>>>
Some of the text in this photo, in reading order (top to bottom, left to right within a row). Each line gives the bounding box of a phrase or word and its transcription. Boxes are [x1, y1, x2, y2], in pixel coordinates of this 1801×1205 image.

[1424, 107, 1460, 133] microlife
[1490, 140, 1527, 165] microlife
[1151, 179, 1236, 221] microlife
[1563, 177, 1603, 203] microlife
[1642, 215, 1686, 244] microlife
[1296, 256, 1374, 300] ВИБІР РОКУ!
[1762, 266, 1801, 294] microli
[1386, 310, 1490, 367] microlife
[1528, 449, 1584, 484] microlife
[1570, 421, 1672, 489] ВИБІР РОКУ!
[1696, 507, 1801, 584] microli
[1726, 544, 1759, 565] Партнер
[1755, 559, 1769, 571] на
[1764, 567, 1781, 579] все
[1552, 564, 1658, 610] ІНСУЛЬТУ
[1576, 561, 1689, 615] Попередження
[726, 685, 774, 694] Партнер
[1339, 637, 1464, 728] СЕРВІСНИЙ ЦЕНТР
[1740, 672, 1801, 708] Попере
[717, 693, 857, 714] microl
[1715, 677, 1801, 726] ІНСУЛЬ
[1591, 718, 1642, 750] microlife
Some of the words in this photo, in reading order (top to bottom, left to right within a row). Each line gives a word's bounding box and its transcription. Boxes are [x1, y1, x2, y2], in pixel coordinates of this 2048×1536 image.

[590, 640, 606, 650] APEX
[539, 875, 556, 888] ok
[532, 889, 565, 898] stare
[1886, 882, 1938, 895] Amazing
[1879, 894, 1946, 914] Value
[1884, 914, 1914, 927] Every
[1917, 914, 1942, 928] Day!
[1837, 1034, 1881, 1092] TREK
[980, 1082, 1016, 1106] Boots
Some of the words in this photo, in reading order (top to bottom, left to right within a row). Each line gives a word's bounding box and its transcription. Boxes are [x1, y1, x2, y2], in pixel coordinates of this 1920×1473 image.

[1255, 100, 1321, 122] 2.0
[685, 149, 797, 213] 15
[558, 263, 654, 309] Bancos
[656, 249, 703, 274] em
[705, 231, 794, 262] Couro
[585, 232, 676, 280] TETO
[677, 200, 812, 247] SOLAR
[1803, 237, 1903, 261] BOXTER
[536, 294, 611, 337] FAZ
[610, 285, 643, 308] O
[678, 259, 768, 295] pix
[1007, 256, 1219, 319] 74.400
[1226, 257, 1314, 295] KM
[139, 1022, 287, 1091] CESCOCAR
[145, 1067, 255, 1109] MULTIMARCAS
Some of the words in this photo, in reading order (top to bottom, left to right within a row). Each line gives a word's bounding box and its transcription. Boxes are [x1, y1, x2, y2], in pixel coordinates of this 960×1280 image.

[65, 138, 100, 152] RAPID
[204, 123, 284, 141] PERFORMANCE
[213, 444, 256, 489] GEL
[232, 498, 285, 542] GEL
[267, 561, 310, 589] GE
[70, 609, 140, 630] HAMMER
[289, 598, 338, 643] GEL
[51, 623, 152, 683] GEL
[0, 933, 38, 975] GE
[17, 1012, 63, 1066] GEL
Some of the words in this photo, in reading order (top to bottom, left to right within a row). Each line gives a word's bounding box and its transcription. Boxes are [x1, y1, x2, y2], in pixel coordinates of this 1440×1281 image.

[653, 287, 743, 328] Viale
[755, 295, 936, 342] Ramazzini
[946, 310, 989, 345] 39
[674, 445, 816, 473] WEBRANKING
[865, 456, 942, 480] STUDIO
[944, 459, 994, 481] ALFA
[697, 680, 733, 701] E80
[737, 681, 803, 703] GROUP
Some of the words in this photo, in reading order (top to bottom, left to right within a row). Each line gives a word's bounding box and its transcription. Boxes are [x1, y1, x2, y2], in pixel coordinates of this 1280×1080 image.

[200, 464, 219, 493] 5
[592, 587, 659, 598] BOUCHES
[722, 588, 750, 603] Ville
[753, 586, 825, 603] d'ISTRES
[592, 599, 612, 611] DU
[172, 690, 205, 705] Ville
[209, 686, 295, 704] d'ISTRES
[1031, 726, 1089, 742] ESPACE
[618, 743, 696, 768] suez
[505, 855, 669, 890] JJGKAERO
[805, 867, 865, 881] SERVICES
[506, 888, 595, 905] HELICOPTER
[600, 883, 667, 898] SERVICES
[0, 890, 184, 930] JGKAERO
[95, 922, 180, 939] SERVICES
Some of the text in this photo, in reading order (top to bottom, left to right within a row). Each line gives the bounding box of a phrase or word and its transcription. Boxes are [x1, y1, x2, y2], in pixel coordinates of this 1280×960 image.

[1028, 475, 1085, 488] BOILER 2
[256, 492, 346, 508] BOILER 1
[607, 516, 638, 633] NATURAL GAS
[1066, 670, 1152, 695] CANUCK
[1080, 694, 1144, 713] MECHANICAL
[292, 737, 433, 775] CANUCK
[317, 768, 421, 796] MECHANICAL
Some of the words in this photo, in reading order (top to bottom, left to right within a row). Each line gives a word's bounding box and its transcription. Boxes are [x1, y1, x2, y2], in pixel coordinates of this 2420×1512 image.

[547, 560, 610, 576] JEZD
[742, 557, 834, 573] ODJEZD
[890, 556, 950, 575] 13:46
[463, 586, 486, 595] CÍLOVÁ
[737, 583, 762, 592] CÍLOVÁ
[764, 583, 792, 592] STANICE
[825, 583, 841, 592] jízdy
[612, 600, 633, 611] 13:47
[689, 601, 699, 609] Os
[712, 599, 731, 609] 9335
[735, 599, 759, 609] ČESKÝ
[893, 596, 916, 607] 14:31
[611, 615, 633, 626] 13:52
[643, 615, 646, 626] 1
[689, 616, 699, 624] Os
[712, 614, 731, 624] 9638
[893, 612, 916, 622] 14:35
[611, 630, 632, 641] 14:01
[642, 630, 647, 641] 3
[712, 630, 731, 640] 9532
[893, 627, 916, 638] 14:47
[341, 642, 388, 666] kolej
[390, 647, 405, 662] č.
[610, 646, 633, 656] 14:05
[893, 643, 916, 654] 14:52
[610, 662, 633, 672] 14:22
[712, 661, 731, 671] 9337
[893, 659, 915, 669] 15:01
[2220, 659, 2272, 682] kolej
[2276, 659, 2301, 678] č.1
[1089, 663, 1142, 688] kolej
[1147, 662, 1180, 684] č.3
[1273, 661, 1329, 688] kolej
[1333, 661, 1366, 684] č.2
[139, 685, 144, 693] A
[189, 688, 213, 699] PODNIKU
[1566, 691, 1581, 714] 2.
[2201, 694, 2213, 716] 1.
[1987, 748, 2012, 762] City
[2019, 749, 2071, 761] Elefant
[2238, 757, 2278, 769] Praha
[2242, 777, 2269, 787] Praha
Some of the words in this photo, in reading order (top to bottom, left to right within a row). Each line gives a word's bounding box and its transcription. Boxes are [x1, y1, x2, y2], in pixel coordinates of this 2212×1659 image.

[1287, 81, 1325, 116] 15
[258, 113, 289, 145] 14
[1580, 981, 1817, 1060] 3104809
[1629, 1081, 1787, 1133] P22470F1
<<<
Your goal: An exact reproduction of all the records is needed.

Result of this task:
Some of the text in this photo, in reading order (top to bottom, left to right within a row). Each line gives the bounding box of a phrase or word and its transcription. Boxes are [x1, y1, x2, y2], in pixel coordinates of this 1801×1205 image.

[1424, 107, 1460, 133] microlife
[1490, 140, 1527, 165] microlife
[1151, 179, 1236, 221] microlife
[1563, 177, 1603, 203] microlife
[1642, 215, 1686, 244] microlife
[1296, 256, 1374, 300] ВИБІР РОКУ!
[1762, 266, 1801, 294] microli
[1386, 310, 1490, 367] microlife
[1528, 449, 1584, 484] microlife
[1570, 421, 1672, 489] ВИБІР РОКУ!
[1696, 507, 1801, 584] microli
[1726, 544, 1759, 565] Партнер
[1755, 559, 1769, 571] на
[1764, 567, 1781, 579] все
[1552, 564, 1658, 610] ІНСУЛЬТУ
[1576, 561, 1689, 615] Попередження
[726, 685, 774, 694] Партнер
[1339, 637, 1464, 728] СЕРВІСНИЙ ЦЕНТР
[1740, 672, 1801, 708] Попере
[717, 693, 857, 714] microl
[1715, 677, 1801, 726] ІНСУЛЬ
[1591, 718, 1642, 750] microlife
Some of the words in this photo, in reading order (top to bottom, left to right within a row). Each line gives a word's bounding box and its transcription. Boxes are [x1, y1, x2, y2], in pixel coordinates of this 2048×1536 image.

[590, 640, 606, 650] APEX
[539, 875, 556, 888] ok
[532, 889, 565, 898] stare
[1886, 882, 1938, 895] Amazing
[1879, 894, 1946, 914] Value
[1884, 914, 1914, 927] Every
[1917, 914, 1942, 928] Day!
[1837, 1034, 1881, 1092] TREK
[980, 1082, 1016, 1106] Boots
Some of the words in this photo, in reading order (top to bottom, left to right within a row). Each line gives a word's bounding box and its transcription. Boxes are [x1, y1, x2, y2], in pixel coordinates of this 1920×1473 image.

[1255, 100, 1321, 122] 2.0
[685, 149, 797, 213] 15
[558, 263, 654, 309] Bancos
[656, 249, 703, 274] em
[705, 231, 794, 262] Couro
[585, 232, 676, 280] TETO
[677, 200, 812, 247] SOLAR
[1803, 237, 1903, 261] BOXTER
[536, 294, 611, 337] FAZ
[610, 285, 643, 308] O
[678, 259, 768, 295] pix
[1007, 256, 1219, 319] 74.400
[1226, 257, 1314, 295] KM
[139, 1022, 287, 1091] CESCOCAR
[145, 1067, 255, 1109] MULTIMARCAS
Some of the words in this photo, in reading order (top to bottom, left to right within a row). Each line gives a word's bounding box and its transcription. Boxes are [x1, y1, x2, y2], in pixel coordinates of this 960×1280 image.

[65, 138, 100, 152] RAPID
[204, 123, 284, 141] PERFORMANCE
[213, 444, 256, 489] GEL
[232, 498, 285, 542] GEL
[267, 561, 310, 589] GE
[70, 609, 140, 630] HAMMER
[289, 598, 338, 643] GEL
[51, 623, 152, 683] GEL
[0, 933, 38, 975] GE
[17, 1012, 63, 1066] GEL
Some of the words in this photo, in reading order (top to bottom, left to right within a row). Each line gives a word's bounding box and its transcription. Boxes are [x1, y1, x2, y2], in pixel coordinates of this 1440×1281 image.

[653, 287, 743, 328] Viale
[755, 295, 936, 342] Ramazzini
[946, 310, 989, 345] 39
[674, 445, 816, 473] WEBRANKING
[865, 456, 942, 480] STUDIO
[944, 459, 994, 481] ALFA
[697, 680, 733, 701] E80
[737, 681, 803, 703] GROUP
Some of the words in this photo, in reading order (top to bottom, left to right within a row). Each line gives a word's bounding box and its transcription. Boxes are [x1, y1, x2, y2], in pixel coordinates of this 1280×1080 image.

[200, 464, 219, 493] 5
[592, 587, 659, 598] BOUCHES
[722, 588, 750, 603] Ville
[753, 586, 825, 603] d'ISTRES
[592, 599, 612, 611] DU
[172, 690, 205, 705] Ville
[209, 686, 295, 704] d'ISTRES
[1031, 726, 1089, 742] ESPACE
[618, 743, 696, 768] suez
[505, 855, 669, 890] JJGKAERO
[805, 867, 865, 881] SERVICES
[506, 888, 595, 905] HELICOPTER
[600, 883, 667, 898] SERVICES
[0, 890, 184, 930] JGKAERO
[95, 922, 180, 939] SERVICES
Some of the text in this photo, in reading order (top to bottom, left to right within a row). Each line gives the bounding box of a phrase or word and its transcription. Boxes are [x1, y1, x2, y2], in pixel coordinates of this 1280×960 image.

[1028, 475, 1085, 488] BOILER 2
[256, 492, 346, 508] BOILER 1
[607, 516, 638, 633] NATURAL GAS
[1066, 670, 1152, 695] CANUCK
[1080, 694, 1144, 713] MECHANICAL
[292, 737, 433, 775] CANUCK
[317, 768, 421, 796] MECHANICAL
Some of the words in this photo, in reading order (top to bottom, left to right within a row). Each line gives a word's bounding box and its transcription. Boxes are [x1, y1, x2, y2], in pixel coordinates of this 2420×1512 image.

[547, 560, 610, 576] JEZD
[742, 557, 834, 573] ODJEZD
[890, 556, 950, 575] 13:46
[463, 586, 486, 595] CÍLOVÁ
[737, 583, 762, 592] CÍLOVÁ
[764, 583, 792, 592] STANICE
[825, 583, 841, 592] jízdy
[612, 600, 633, 611] 13:47
[689, 601, 699, 609] Os
[712, 599, 731, 609] 9335
[735, 599, 759, 609] ČESKÝ
[893, 596, 916, 607] 14:31
[611, 615, 633, 626] 13:52
[643, 615, 646, 626] 1
[689, 616, 699, 624] Os
[712, 614, 731, 624] 9638
[893, 612, 916, 622] 14:35
[611, 630, 632, 641] 14:01
[642, 630, 647, 641] 3
[712, 630, 731, 640] 9532
[893, 627, 916, 638] 14:47
[341, 642, 388, 666] kolej
[390, 647, 405, 662] č.
[610, 646, 633, 656] 14:05
[893, 643, 916, 654] 14:52
[610, 662, 633, 672] 14:22
[712, 661, 731, 671] 9337
[893, 659, 915, 669] 15:01
[2220, 659, 2272, 682] kolej
[2276, 659, 2301, 678] č.1
[1089, 663, 1142, 688] kolej
[1147, 662, 1180, 684] č.3
[1273, 661, 1329, 688] kolej
[1333, 661, 1366, 684] č.2
[139, 685, 144, 693] A
[189, 688, 213, 699] PODNIKU
[1566, 691, 1581, 714] 2.
[2201, 694, 2213, 716] 1.
[1987, 748, 2012, 762] City
[2019, 749, 2071, 761] Elefant
[2238, 757, 2278, 769] Praha
[2242, 777, 2269, 787] Praha
Some of the words in this photo, in reading order (top to bottom, left to right within a row). Each line gives a word's bounding box and its transcription. Boxes are [x1, y1, x2, y2], in pixel coordinates of this 2212×1659 image.

[1287, 81, 1325, 116] 15
[258, 113, 289, 145] 14
[1580, 981, 1817, 1060] 3104809
[1629, 1081, 1787, 1133] P22470F1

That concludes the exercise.